Между прочим, она не слишком-то ошибалась. Правда, слово «властвовать» здесь не совсем точно. Вернее сказать, память о первой любви, нежность к Амалии будут мирно уживаться в сердце поэта с другими страстями, каждая из которых, очень сильная, бурная, однако не всепоглощающая, оставит в сердце крохотные, укромные уголки, в которых и сохранится память о былом. Вообще у Тютчева была подходящая наследственность для того, чтобы прослыть человеком сильных страстей! Недаром он потом напишет: «И всюду страсти роковые, и от судеб защиты нет…» Его дед был некогда возлюбленным помещицы Салтыковой, известной в истории как Салтычиха. Он бросил любовницу, из-за чего, собственно, та несколько повредилась в уме и дала волю своей жестокости.
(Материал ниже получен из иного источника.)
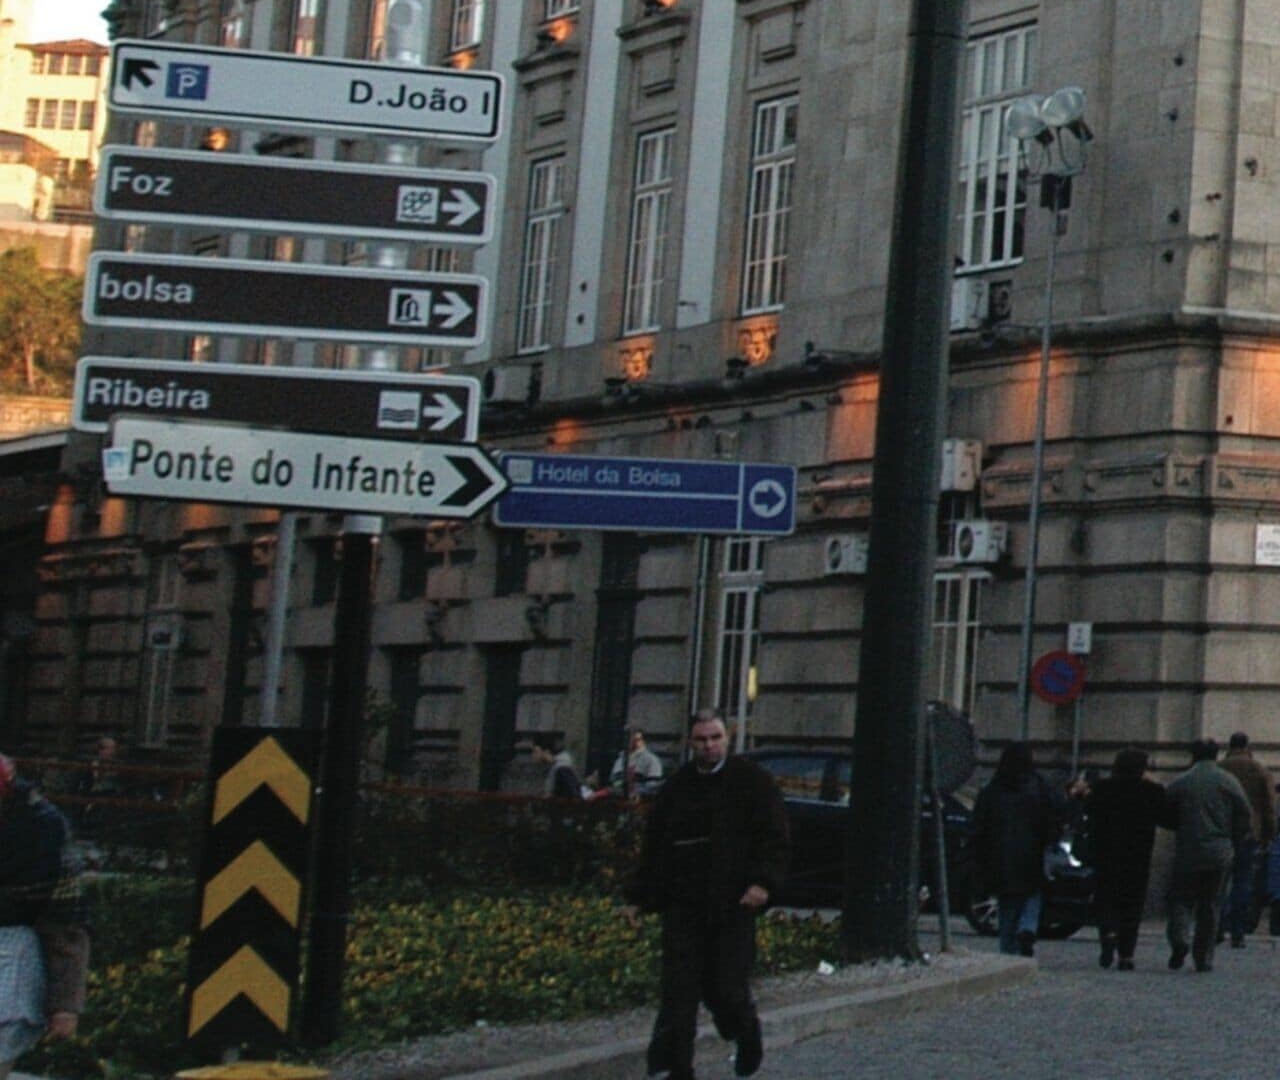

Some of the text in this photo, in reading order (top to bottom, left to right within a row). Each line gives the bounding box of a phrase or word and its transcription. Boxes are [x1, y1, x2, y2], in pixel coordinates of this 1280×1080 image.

Ну а дед Тютчева буйствовал со своими крепостными девушками (не избивая их, конечно, а просто любя бессчетно), а по ночам выезжал вместе с отрядом подручных добрых молодцев (тоже крепостных) на большую дорогу и грабил там всякого прохожего-проезжего, укрепляя тем самым благосостояние рода своего.

Впрочем, господь с ними со всеми.

Итак, Теодор метал пылкие взоры в сторону Амалии Крюденер, с которой, конечно же, встречался то здесь, то там (мир и вообще-то тесен, а уж мир дипломатический тесен до безобразия!), показывал ей новые стихи и обменивался книгами (он очень ценил ее острый, пожалуй, не женский ум) и даже пытался заигрывать с нею (так, легонько, по старой памяти), страдая, когда она оставалась холодна, и высоконравственно покачивая головой, когда молодая женщина (а она оказалась очень пылкой штучкой!) вдруг решалась поддержать игру:

Ты любишь, ты притворствовать умеешь, —

Когда в толпе, украдкой от людей,

Моя нога касается твоей,

Ты мне ответ даешь и не краснеешь!

Все тот же вид рассеянный, бездушный,

Движенье персей, взор, улыбка та ж…

Меж тем твой муж, сей ненавистный страж,

Любуется твоей красой послушной.

Благодаря и людям и судьбе

Ты тайным радостям узнала цену,

Узнала свет: он ставит нам в измену

Все радости… Измена льстит тебе.

Стыдливости румянец невозвратный,

Он улетел с твоих младых ланит —

Так с юных роз Авроры луч бежит

С их чистою душою ароматной.

Но так и быть! в палящий летний зной

Лестней для чувств, приманчивей для взгляда

Смотреть, в тени, как в кисти винограда

Сверкает кровь сквозь зелени густой.

Тайно вожделея Амалию, Тютчев в то же время восхищался своей женой, о которой писал родным так: «…Эта слабая женщина обладает силой духа, соизмеримой разве только с нежностью, заключенной в ее сердце… Я хочу, чтобы вы, любящие меня, знали, что никогда ни один человек не любил другого так, как она меня… Не было ни одного дня в ее жизни, когда ради моего благополучия она не согласилась бы, не колеблясь ни мгновенья, умереть за меня!»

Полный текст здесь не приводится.